Observational studies support the conclusion that babies grow and develop well whether they start solids at 4 or 6 months. A 2012 Cochrane review looked at 23 studies (from both developing and developed countries) and concluded that 6 months of exclusive breastfeeding is usually sufficient to support healthy infant growth.18 The authors are cautious about applying this conclusion to every baby, though: “The data are insufficient to rule out a modest increase in risk of under nutrition with exclusive breastfeeding for six months and grossly inadequate to reach conclusions about the effects of prolonged (more than six months) exclusive breastfeeding.”

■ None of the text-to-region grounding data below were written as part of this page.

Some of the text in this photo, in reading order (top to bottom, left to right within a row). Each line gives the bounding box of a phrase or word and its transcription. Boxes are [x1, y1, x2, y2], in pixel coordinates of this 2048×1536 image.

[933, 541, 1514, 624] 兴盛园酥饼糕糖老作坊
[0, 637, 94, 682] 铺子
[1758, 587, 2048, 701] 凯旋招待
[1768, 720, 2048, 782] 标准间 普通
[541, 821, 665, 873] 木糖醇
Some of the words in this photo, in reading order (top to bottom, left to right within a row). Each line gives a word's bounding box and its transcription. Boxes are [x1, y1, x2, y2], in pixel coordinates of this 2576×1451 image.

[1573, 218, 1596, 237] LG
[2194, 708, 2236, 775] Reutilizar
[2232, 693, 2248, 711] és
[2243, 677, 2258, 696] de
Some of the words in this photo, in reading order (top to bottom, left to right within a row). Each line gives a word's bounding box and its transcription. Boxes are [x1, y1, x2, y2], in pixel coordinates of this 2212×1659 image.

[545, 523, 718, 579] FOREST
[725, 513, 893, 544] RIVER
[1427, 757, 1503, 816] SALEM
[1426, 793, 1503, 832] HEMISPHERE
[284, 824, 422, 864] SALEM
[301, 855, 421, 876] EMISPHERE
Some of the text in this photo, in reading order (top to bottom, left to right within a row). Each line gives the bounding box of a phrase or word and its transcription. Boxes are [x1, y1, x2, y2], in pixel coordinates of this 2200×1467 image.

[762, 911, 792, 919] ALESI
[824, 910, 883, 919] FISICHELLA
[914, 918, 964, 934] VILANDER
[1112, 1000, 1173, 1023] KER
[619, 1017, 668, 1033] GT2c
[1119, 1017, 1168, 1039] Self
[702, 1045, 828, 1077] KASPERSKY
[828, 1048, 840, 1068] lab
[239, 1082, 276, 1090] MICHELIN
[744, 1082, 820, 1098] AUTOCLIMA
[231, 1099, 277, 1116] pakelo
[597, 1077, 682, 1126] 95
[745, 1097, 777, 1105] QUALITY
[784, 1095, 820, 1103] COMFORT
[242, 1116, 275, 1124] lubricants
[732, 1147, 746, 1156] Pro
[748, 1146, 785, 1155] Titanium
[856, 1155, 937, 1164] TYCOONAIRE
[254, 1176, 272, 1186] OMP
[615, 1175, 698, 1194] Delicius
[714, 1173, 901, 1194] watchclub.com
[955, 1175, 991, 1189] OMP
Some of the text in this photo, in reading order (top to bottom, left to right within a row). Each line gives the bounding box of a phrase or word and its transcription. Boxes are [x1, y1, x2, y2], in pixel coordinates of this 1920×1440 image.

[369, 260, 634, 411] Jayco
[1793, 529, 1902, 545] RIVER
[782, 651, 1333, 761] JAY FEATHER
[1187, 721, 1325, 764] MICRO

How does starting solids affect risk of infection?

In developing countries, where many families may lack access to clean water and/or refrigeration, the risk of illness dramatically increases when babies start solids. With the introduction of solid foods comes potential exposure to pathogens that may contaminate food, water, or utensils. For example, one study in the rural Phillipines found up to a 13-fold increased risk of diarrhea with feeding solids. This factor alone justifies the WHO’s recommendation for 6 months of exclusive breastfeeding in these settings.

But with access to clean food and careful feeding practices, the risk of infection with solids appears to be much lower and maybe not a concern at all. In a study of 16,000 U.K. infants, tracked for the first 8 months of life, starting solids didn’t increase their risk of hospitalization for diarrhea or lower respiratory tract infection, regardless of the age they took their first bite.19 Strangely, the Honduras RCTs found that the 6-month EBF babies were actually a little more likely to get sick (upper respiratory tract infections in one study12 and diarrhea in the other13) compared with those starting solids at 4 months.

One study, conducted in Belarus, found no difference in respiratory tract or ear infections but an increased risk of gastrointestinal infections in babies EBF to 3-4 months compared to those EBF for 6 months.20 The difference amounts to one extra case of diarrhea per 42 babies introduced to solids earlier. However, there was no difference in hospitalization for GI infections, so this increase seems to be in minor illnesses. It also includes some babies that were just 3 months old, and at least some of these infections could probably be prevented with more careful food prep practices.

So does starting solids increase the likelihood that your baby will get sick? Most studies say no, but one says that there may be a small increase in episodes of minor diarrhea.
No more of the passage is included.